# What the task asks:
Leave out the pictures, and retype the remaining data exactly.

(Working data)

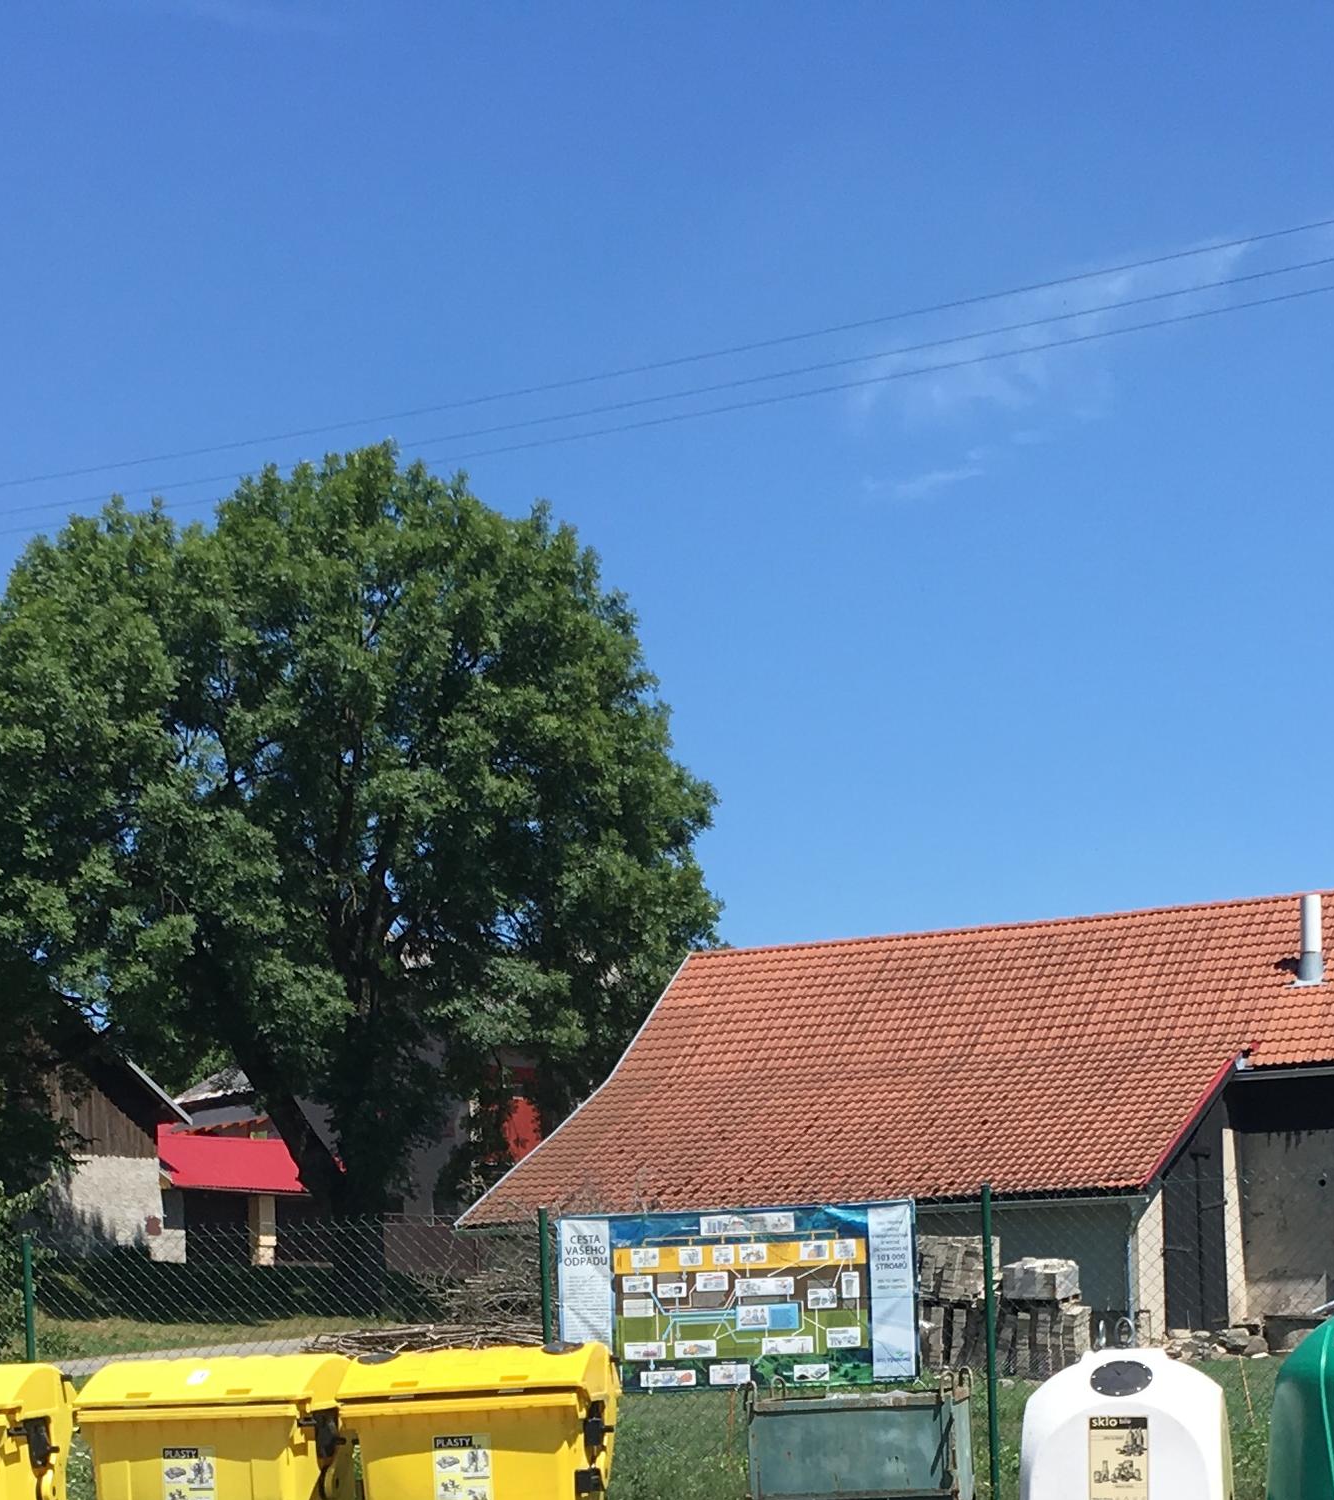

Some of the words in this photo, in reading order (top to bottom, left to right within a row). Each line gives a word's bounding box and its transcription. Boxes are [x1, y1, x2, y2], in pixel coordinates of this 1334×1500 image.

[570, 1234, 601, 1245] CESTA
[565, 1245, 606, 1256] VAŠEHO
[564, 1256, 608, 1267] ODPADU
[1091, 1416, 1118, 1427] sklo
[436, 1438, 471, 1447] PLASTY
[164, 1449, 197, 1459] PLASTY
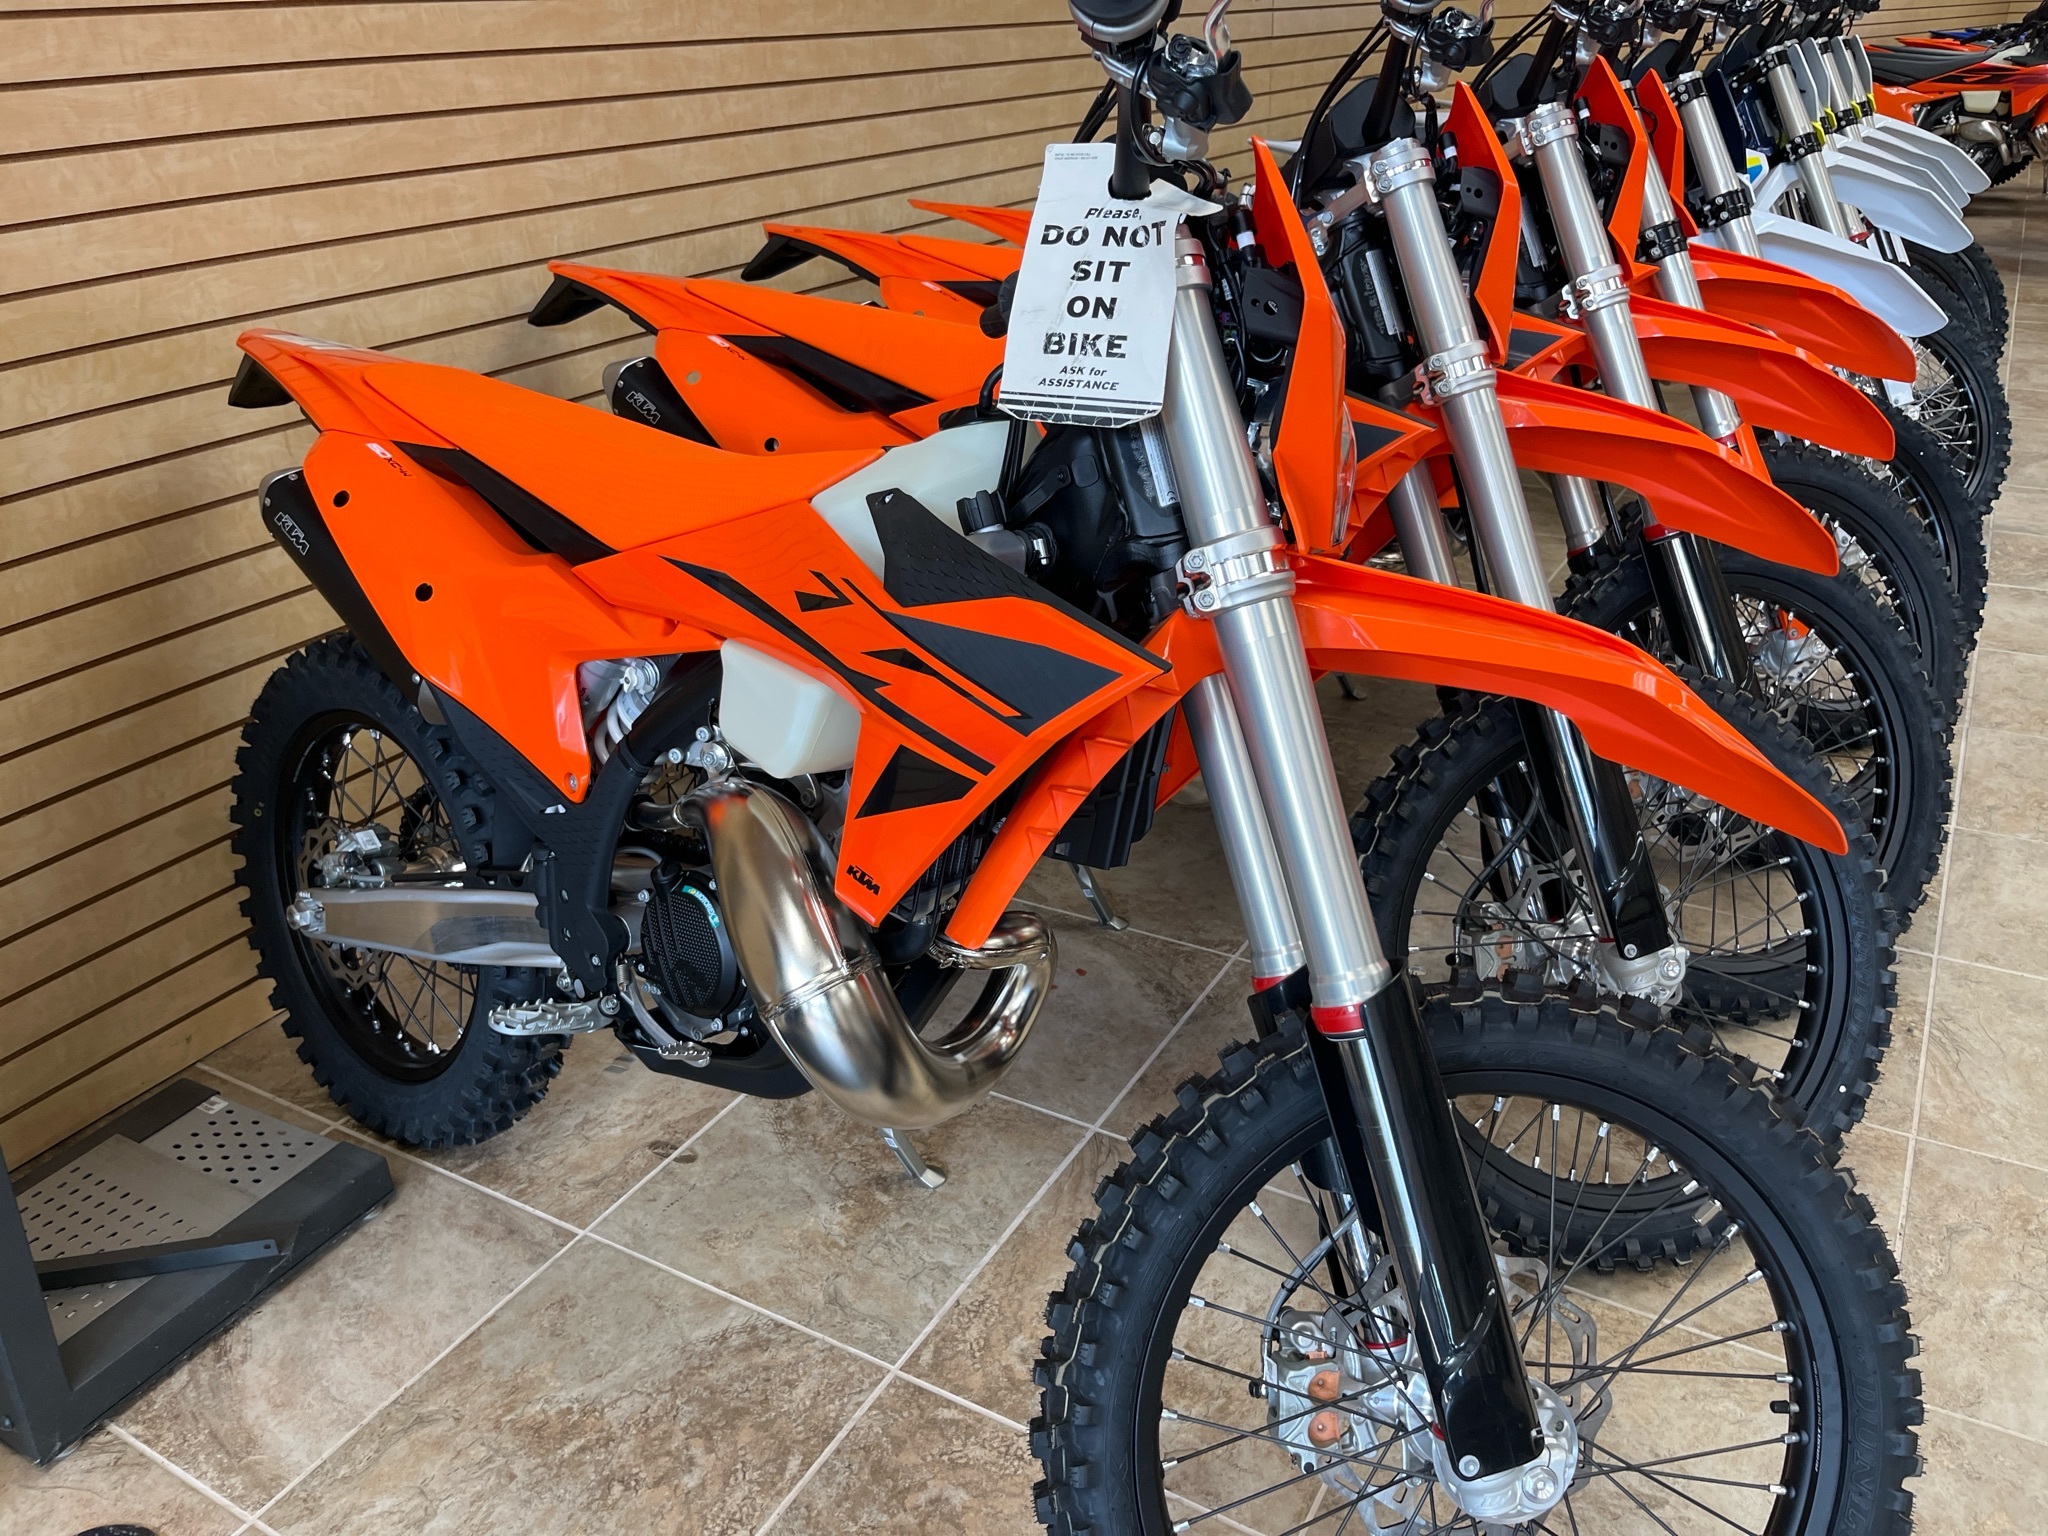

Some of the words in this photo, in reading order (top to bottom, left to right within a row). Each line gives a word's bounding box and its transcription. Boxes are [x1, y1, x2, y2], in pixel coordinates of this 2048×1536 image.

(End Working data)

# Solution:
Some of the words in this photo, in reading order (top to bottom, left to right within a row). Each line gives a word's bounding box and its transcription. Boxes are [x1, y1, x2, y2], in pixel coordinates of this 1334×1500 image.

[570, 1234, 601, 1245] CESTA
[565, 1245, 606, 1256] VAŠEHO
[564, 1256, 608, 1267] ODPADU
[1091, 1416, 1118, 1427] sklo
[436, 1438, 471, 1447] PLASTY
[164, 1449, 197, 1459] PLASTY

Some of the words in this photo, in reading order (top to bottom, left to right within a row). Each line gives a word's bounding box and its transcription. Boxes are [x1, y1, x2, y2], in pixel coordinates of this 2048×1536 image.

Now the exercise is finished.